■ WORK REQUIRED
When you restate the data, keep every word as it is and drop the images.

■ ENTRIES PROVIDED
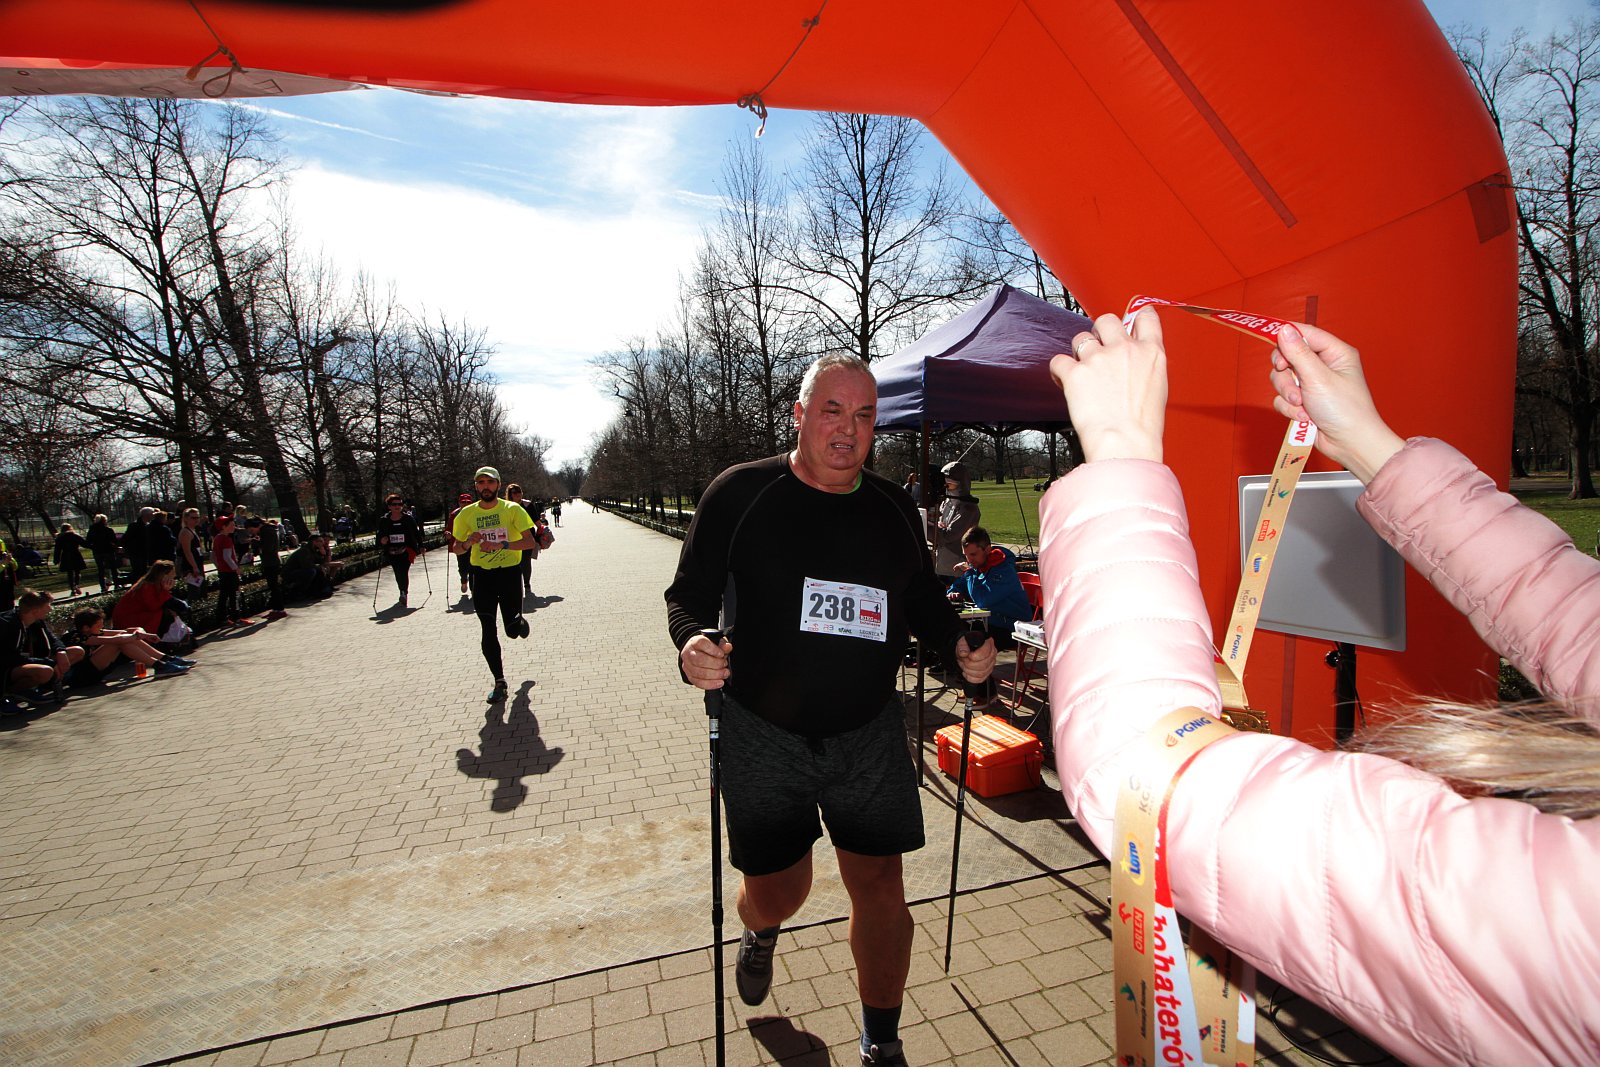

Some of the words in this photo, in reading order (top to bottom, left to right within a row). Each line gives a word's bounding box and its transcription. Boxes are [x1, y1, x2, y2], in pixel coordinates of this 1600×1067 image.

[1217, 312, 1268, 329] BIEG
[808, 592, 855, 622] 238
[1174, 716, 1212, 738] PGNiG
[1128, 841, 1141, 875] LOTTO
[1134, 909, 1144, 952] ORLEN
[1154, 915, 1195, 1067] bohateró

■ COMPLETED TASK
Some of the words in this photo, in reading order (top to bottom, left to right within a row). Each line gives a word's bounding box and its transcription. Boxes are [x1, y1, x2, y2], in pixel coordinates of this 1600×1067 image.

[1217, 312, 1268, 329] BIEG
[808, 592, 855, 622] 238
[1174, 716, 1212, 738] PGNiG
[1128, 841, 1141, 875] LOTTO
[1134, 909, 1144, 952] ORLEN
[1154, 915, 1195, 1067] bohateró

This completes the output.